Asynchronous Decentralized SGD under Non-Convexity: A Block-Coordinate Descent Framework

TL;DR

This paper proposes a new asynchronous decentralized SGD framework that is robust to delays and heterogeneity, with proven convergence and superior empirical performance in real-world distributed learning scenarios.

Contribution

It introduces a practical ADSGD model with convergence analysis under realistic assumptions, and demonstrates its effectiveness over existing methods.

Findings

ADSGD converges without bounded data heterogeneity.

Empirical results show ADSGD outperforms existing methods in wall-clock time.

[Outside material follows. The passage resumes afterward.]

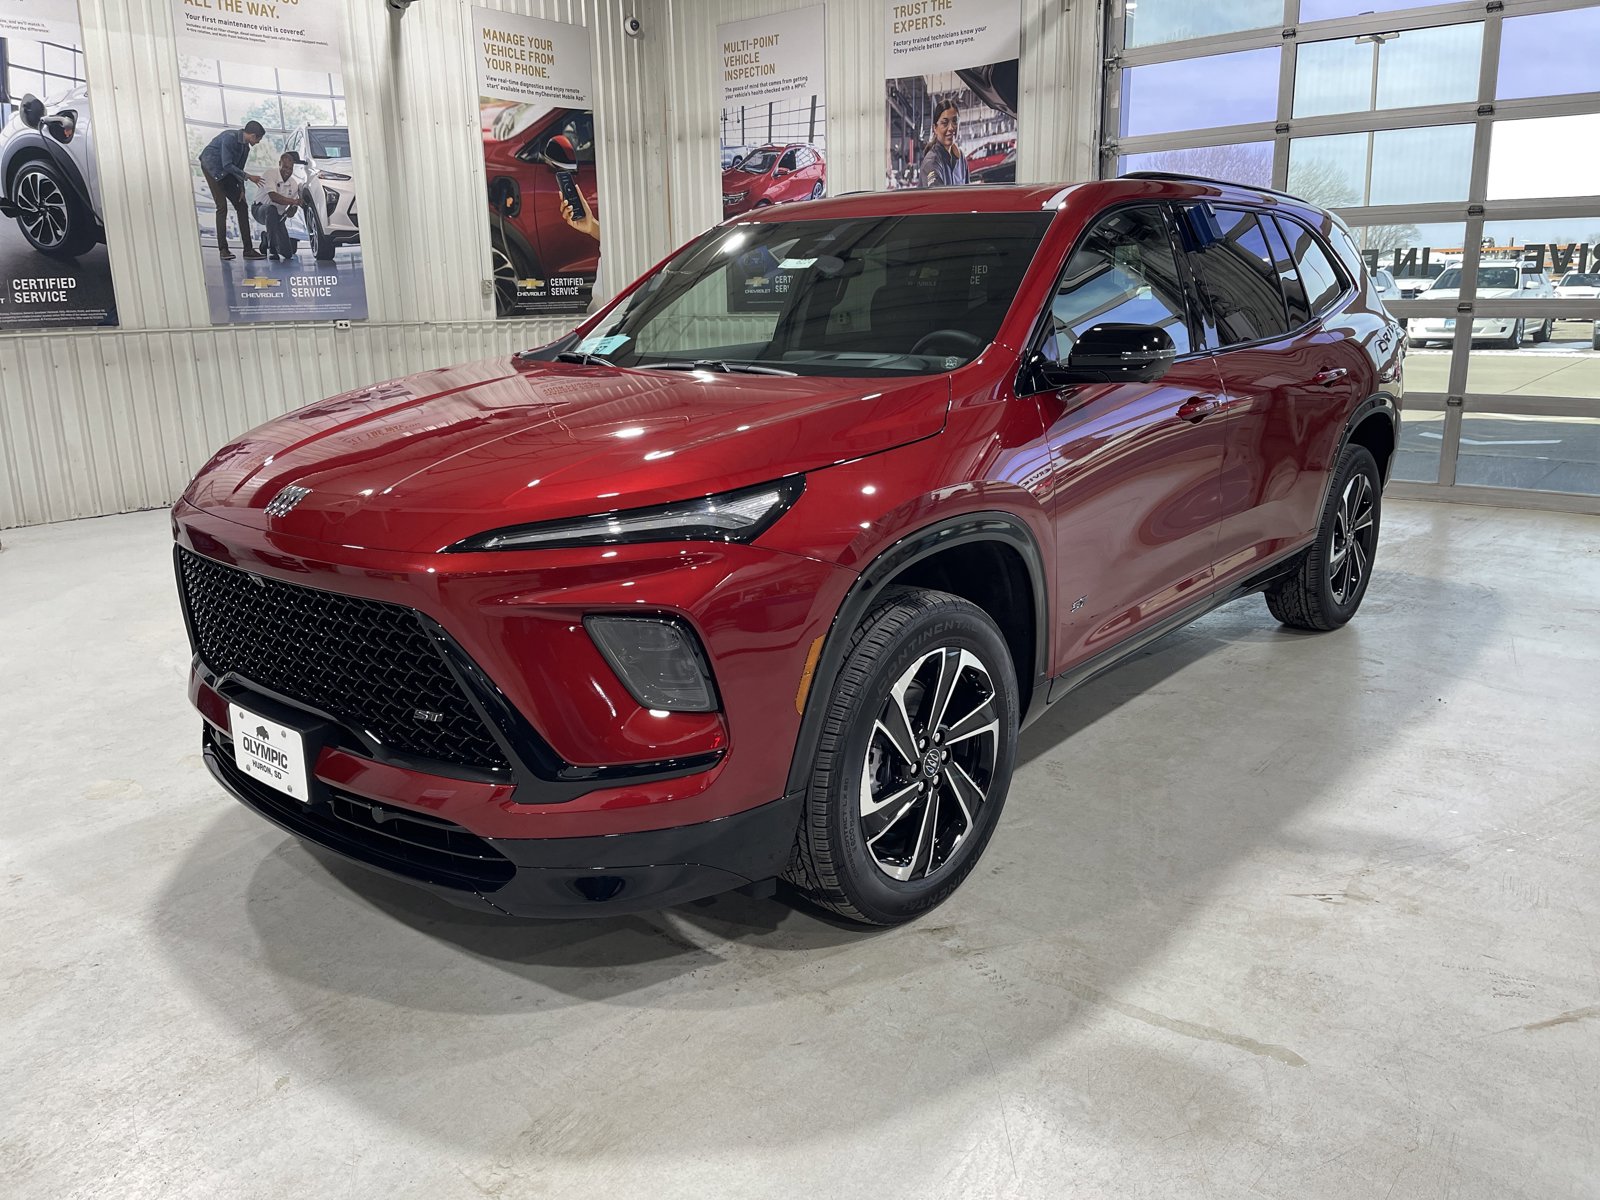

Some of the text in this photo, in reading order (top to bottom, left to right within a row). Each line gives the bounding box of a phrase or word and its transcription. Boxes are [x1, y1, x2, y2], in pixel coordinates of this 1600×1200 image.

The method is robust to communication and computation delays.

Abstract

Decentralized optimization has become vital for leveraging distributed data without central control, enhancing scalability and privacy. However, practical deployments face fundamental challenges due to heterogeneous computation speeds and unpredictable communication delays. This paper introduces a refined model of Asynchronous Decentralized Stochastic Gradient Descent (ADSGD) under practical assumptions of bounded computation and communication times. To understand the convergence of ADSGD, we first analyze Asynchronous Stochastic Block Coordinate Descent (ASBCD) as a tool, and then show that ADSGD converges under computation-delay-independent step sizes. The convergence result is established without assuming bounded data heterogeneity. Empirical experiments reveal that ADSGD outperforms existing methods in wall-clock convergence time across various scenarios. With its simplicity, efficiency in memory and communication, and resilience to communication and computation delays, ADSGD is well-suited for real-world decentralized learning tasks.